» **Dataset excerpts**
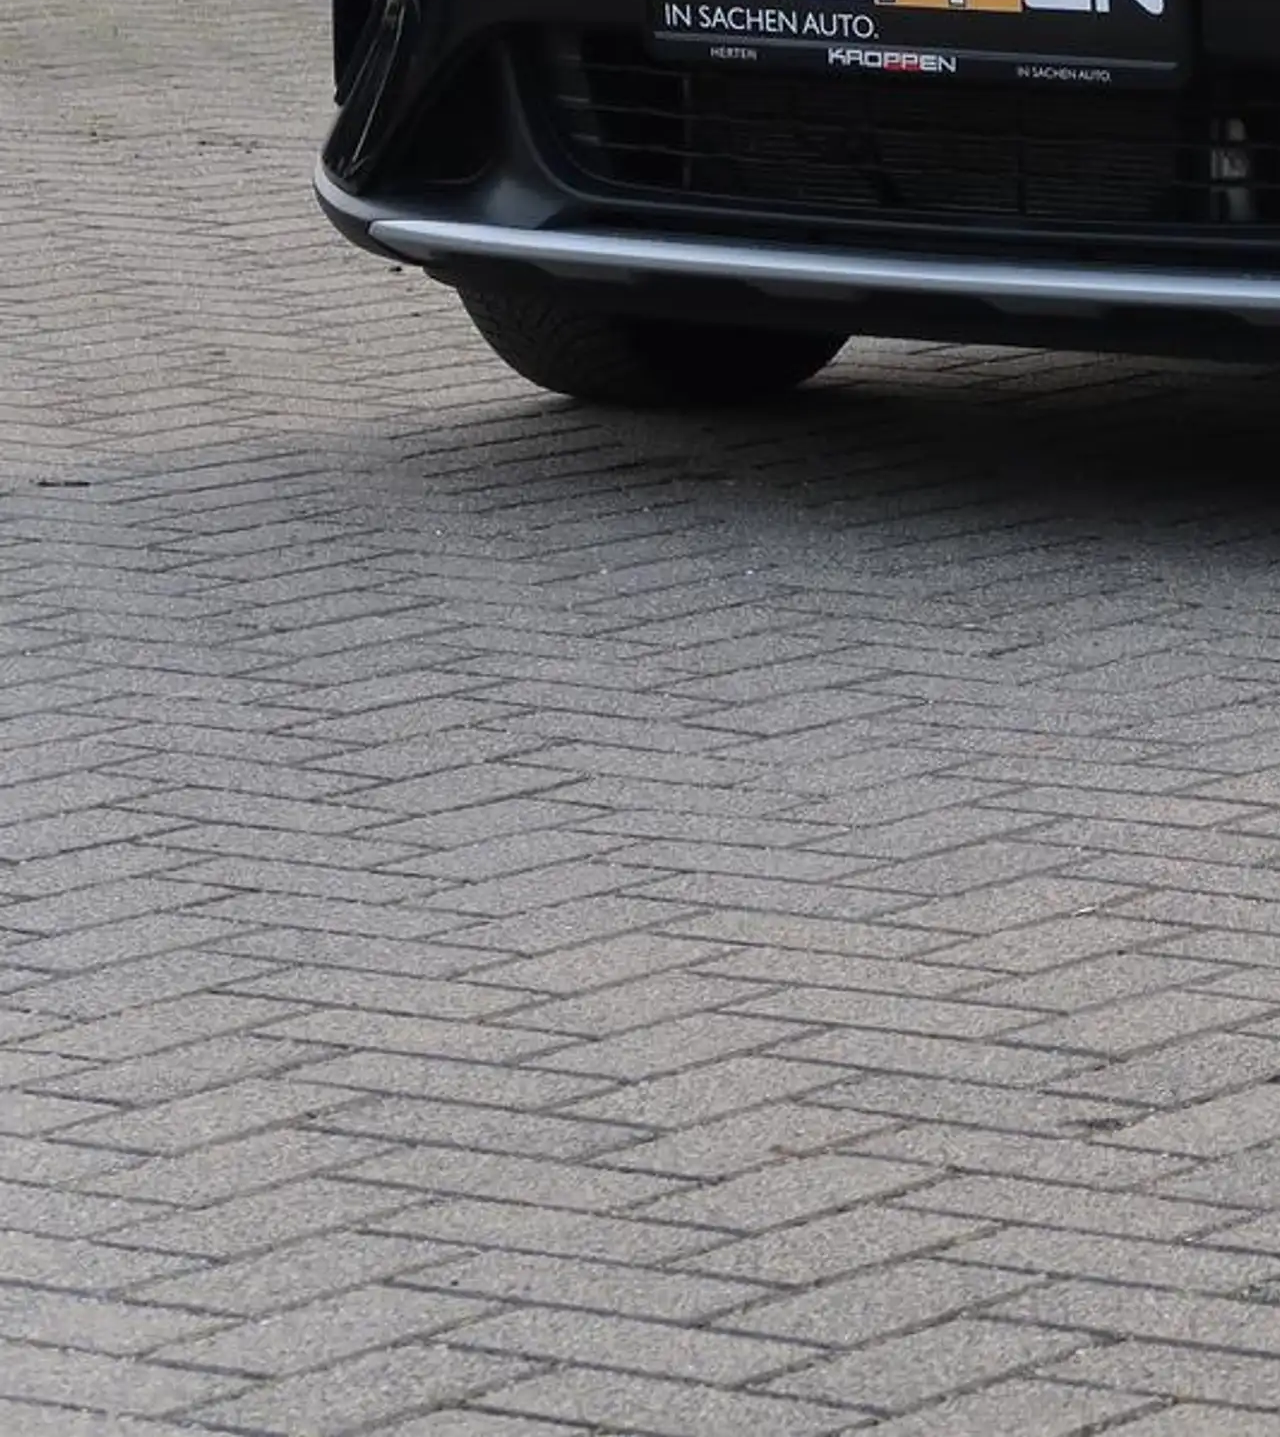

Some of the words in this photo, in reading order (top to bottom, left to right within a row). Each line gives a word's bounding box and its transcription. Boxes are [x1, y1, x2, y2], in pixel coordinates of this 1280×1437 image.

[664, 3, 692, 27] IN
[698, 5, 798, 34] SACHEN
[827, 47, 957, 73] KROPPEN
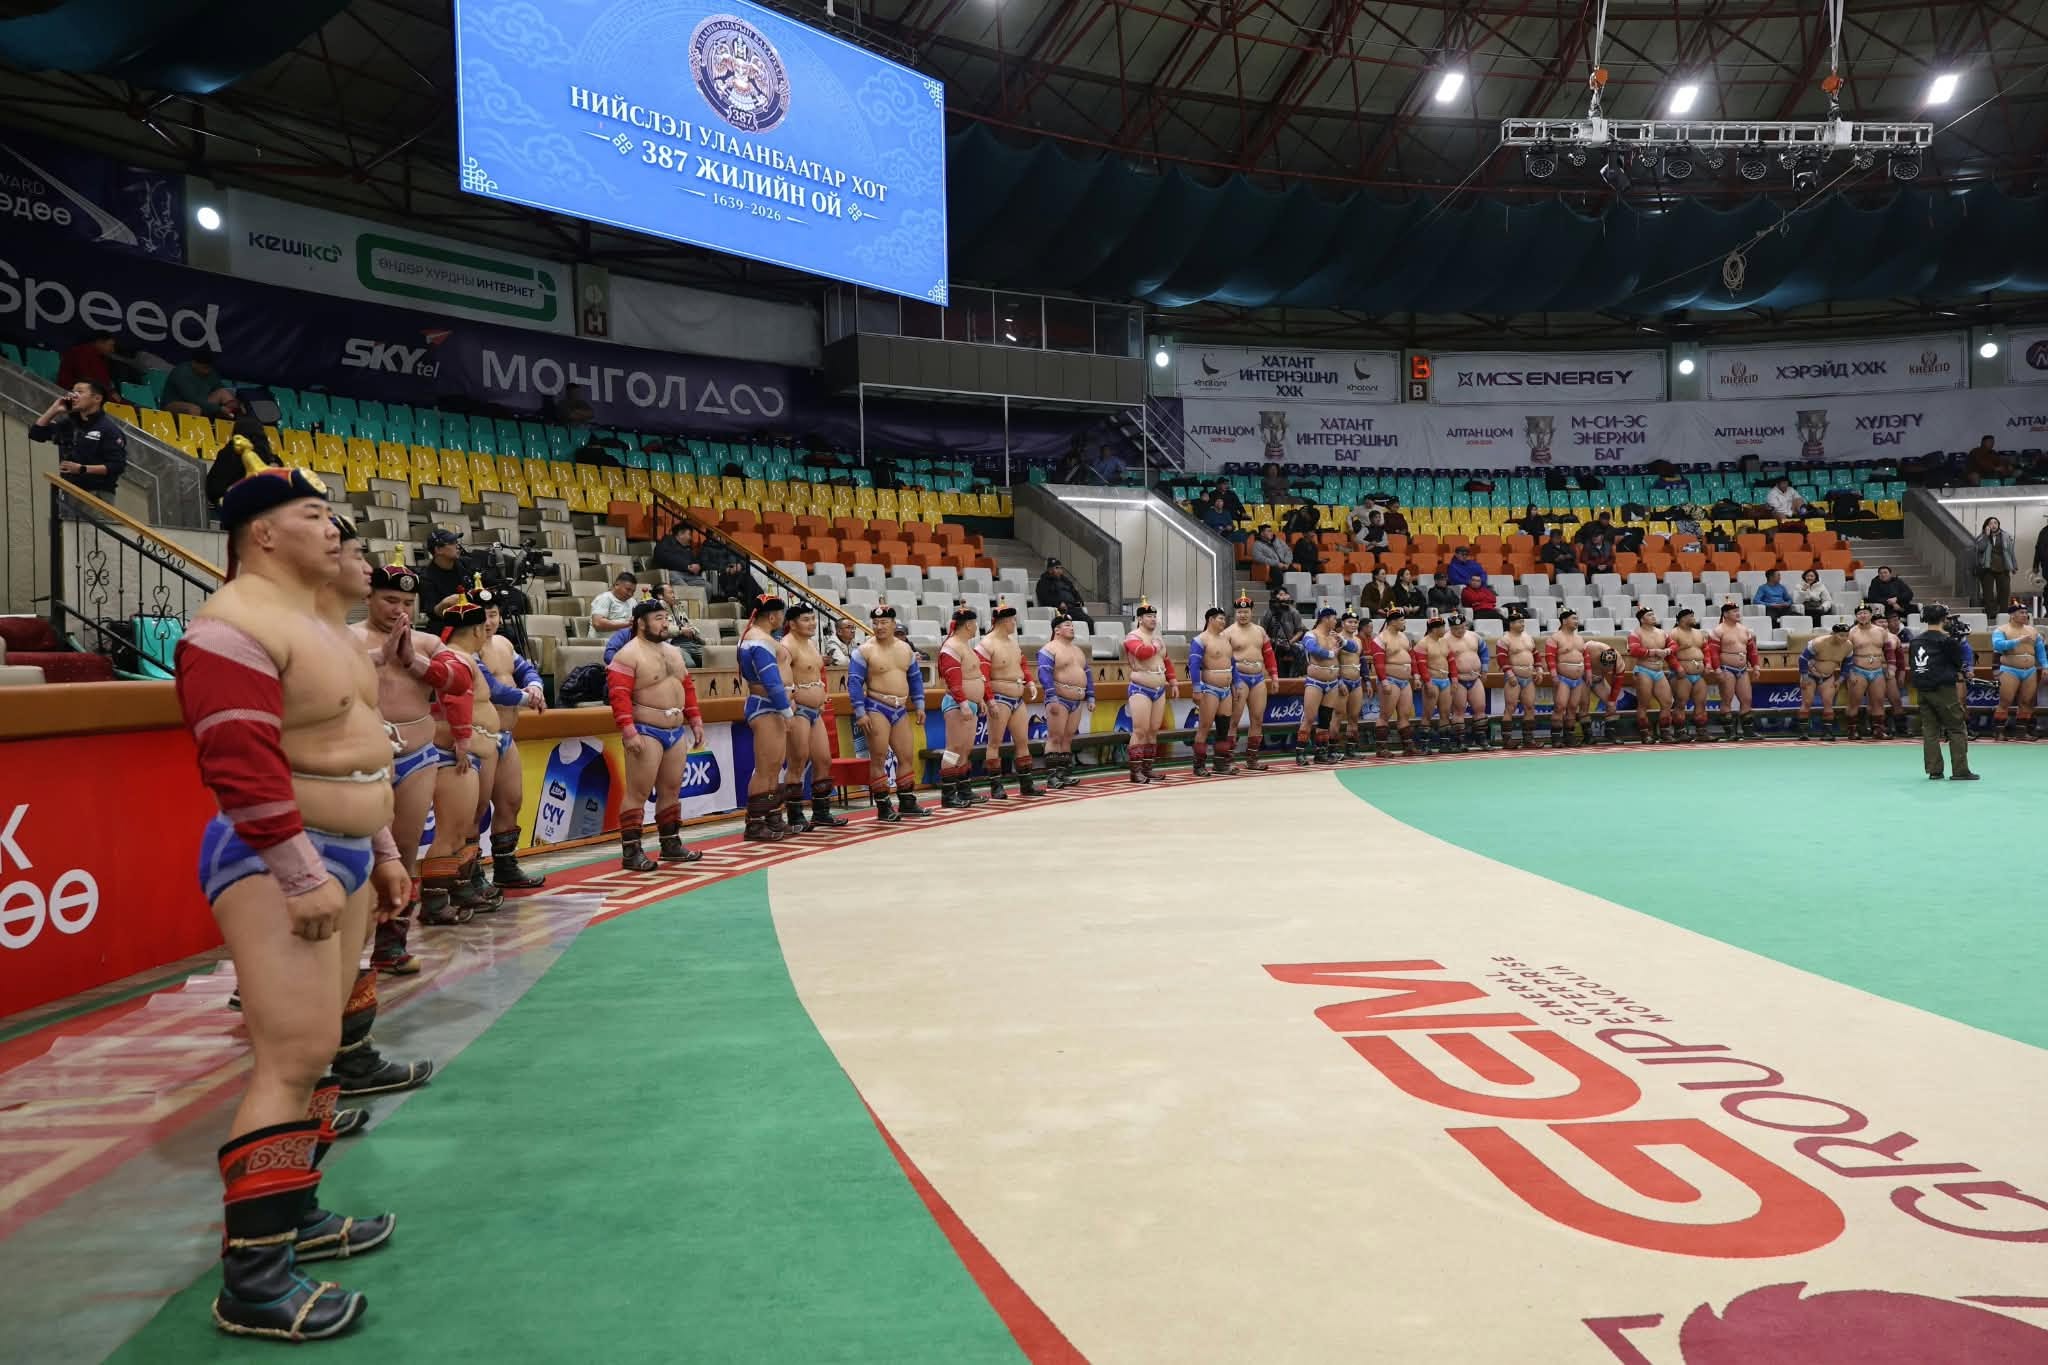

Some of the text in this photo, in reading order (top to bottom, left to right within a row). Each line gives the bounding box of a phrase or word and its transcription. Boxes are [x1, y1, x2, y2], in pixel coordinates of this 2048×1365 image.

[732, 109, 753, 125] 387
[570, 86, 888, 202] НИЙСЛЭЛ УЛААНБААТАР ХОТ
[641, 139, 842, 218] 387 ЖИЛИЙН ОЙ
[712, 192, 782, 222] 1639-2026
[378, 255, 423, 274] ӨНДӨР
[476, 278, 537, 298] ИНТЕРНЕТ
[1261, 355, 1315, 369] ХАТАНТ
[1776, 360, 1888, 380] ХЭРЭЙД ХХК
[482, 349, 687, 411] МОНГОЛ
[1239, 368, 1339, 384] ИНТЕРНЭШНЛ
[1476, 370, 1633, 387] MCS ENERGY
[1276, 384, 1304, 398] ХХК
[1320, 417, 1375, 432] ХАТАНТ
[1571, 414, 1648, 429] М-СИ-ЭС
[1855, 413, 1923, 431] ХҮЛЭГҮ
[1190, 425, 1255, 438] АЛТАН ЦОМ
[1446, 427, 1513, 439] АЛТАН ЦОМ
[1573, 431, 1646, 445] ЭНЕРЖИ
[1714, 426, 1785, 438] АЛТАН ЦОМ
[1872, 431, 1907, 446] БАГ
[1296, 433, 1399, 448] ИНТЕРНЭШНЛ
[1334, 449, 1361, 462] БАГ
[1594, 447, 1625, 461] БАГ
[1485, 971, 1592, 1025] GENERAL
[1491, 956, 1635, 1025] ENTERPRISE
[1544, 965, 1673, 1023] MONGOLIA
[1595, 1028, 2048, 1243] GROUP
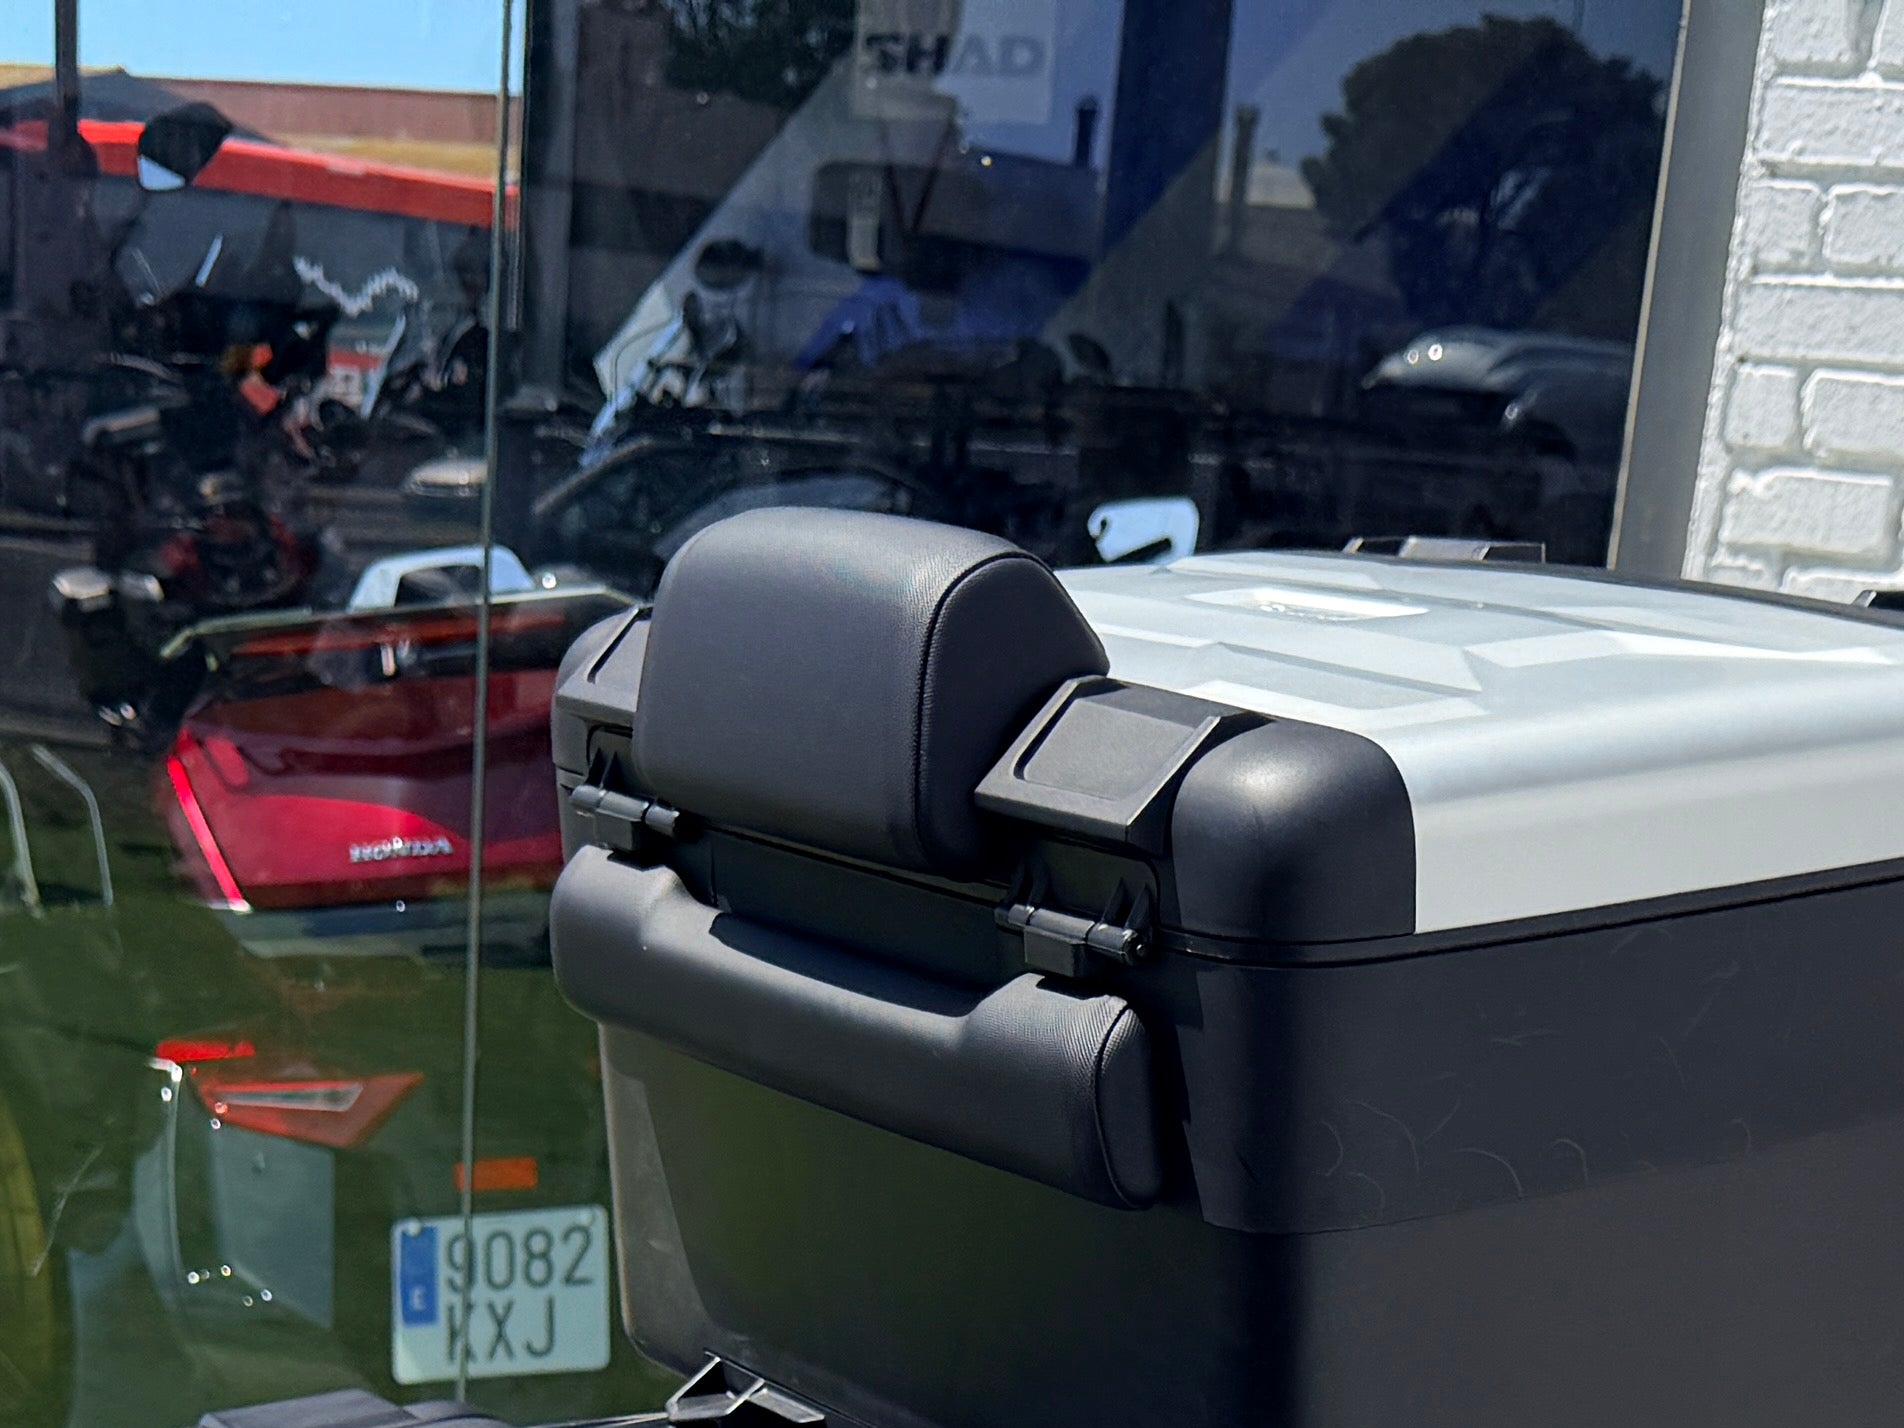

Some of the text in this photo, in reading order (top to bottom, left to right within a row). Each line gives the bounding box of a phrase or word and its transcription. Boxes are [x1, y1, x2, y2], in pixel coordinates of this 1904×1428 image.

» **Task to complete**
Please print the entries exactly as they stand. Images are not part of the copy.

» **Written reply**
Some of the words in this photo, in reading order (top to bottom, left to right within a row). Each line gives a word's bounding box and its transcription. Boxes are [x1, y1, x2, y2], in pixel coordinates of this 1280×1437 image.

[664, 3, 692, 27] IN
[698, 5, 798, 34] SACHEN
[827, 47, 957, 73] KROPPEN

Some of the text in this photo, in reading order (top to bottom, left to right within a row). Each line gives the bounding box of a phrase or word and its transcription. Boxes are [x1, y1, x2, y2], in pixel coordinates of this 2048×1365 image.

[732, 109, 753, 125] 387
[570, 86, 888, 202] НИЙСЛЭЛ УЛААНБААТАР ХОТ
[641, 139, 842, 218] 387 ЖИЛИЙН ОЙ
[712, 192, 782, 222] 1639-2026
[378, 255, 423, 274] ӨНДӨР
[476, 278, 537, 298] ИНТЕРНЕТ
[1261, 355, 1315, 369] ХАТАНТ
[1776, 360, 1888, 380] ХЭРЭЙД ХХК
[482, 349, 687, 411] МОНГОЛ
[1239, 368, 1339, 384] ИНТЕРНЭШНЛ
[1476, 370, 1633, 387] MCS ENERGY
[1276, 384, 1304, 398] ХХК
[1320, 417, 1375, 432] ХАТАНТ
[1571, 414, 1648, 429] М-СИ-ЭС
[1855, 413, 1923, 431] ХҮЛЭГҮ
[1190, 425, 1255, 438] АЛТАН ЦОМ
[1446, 427, 1513, 439] АЛТАН ЦОМ
[1573, 431, 1646, 445] ЭНЕРЖИ
[1714, 426, 1785, 438] АЛТАН ЦОМ
[1872, 431, 1907, 446] БАГ
[1296, 433, 1399, 448] ИНТЕРНЭШНЛ
[1334, 449, 1361, 462] БАГ
[1594, 447, 1625, 461] БАГ
[1485, 971, 1592, 1025] GENERAL
[1491, 956, 1635, 1025] ENTERPRISE
[1544, 965, 1673, 1023] MONGOLIA
[1595, 1028, 2048, 1243] GROUP

Some of the text in this photo, in reading order (top to bottom, left to right within a row). Each line gives the bounding box of a phrase or word and its transcription. Boxes are [x1, y1, x2, y2], in pixel coordinates of this 1904×1428 image.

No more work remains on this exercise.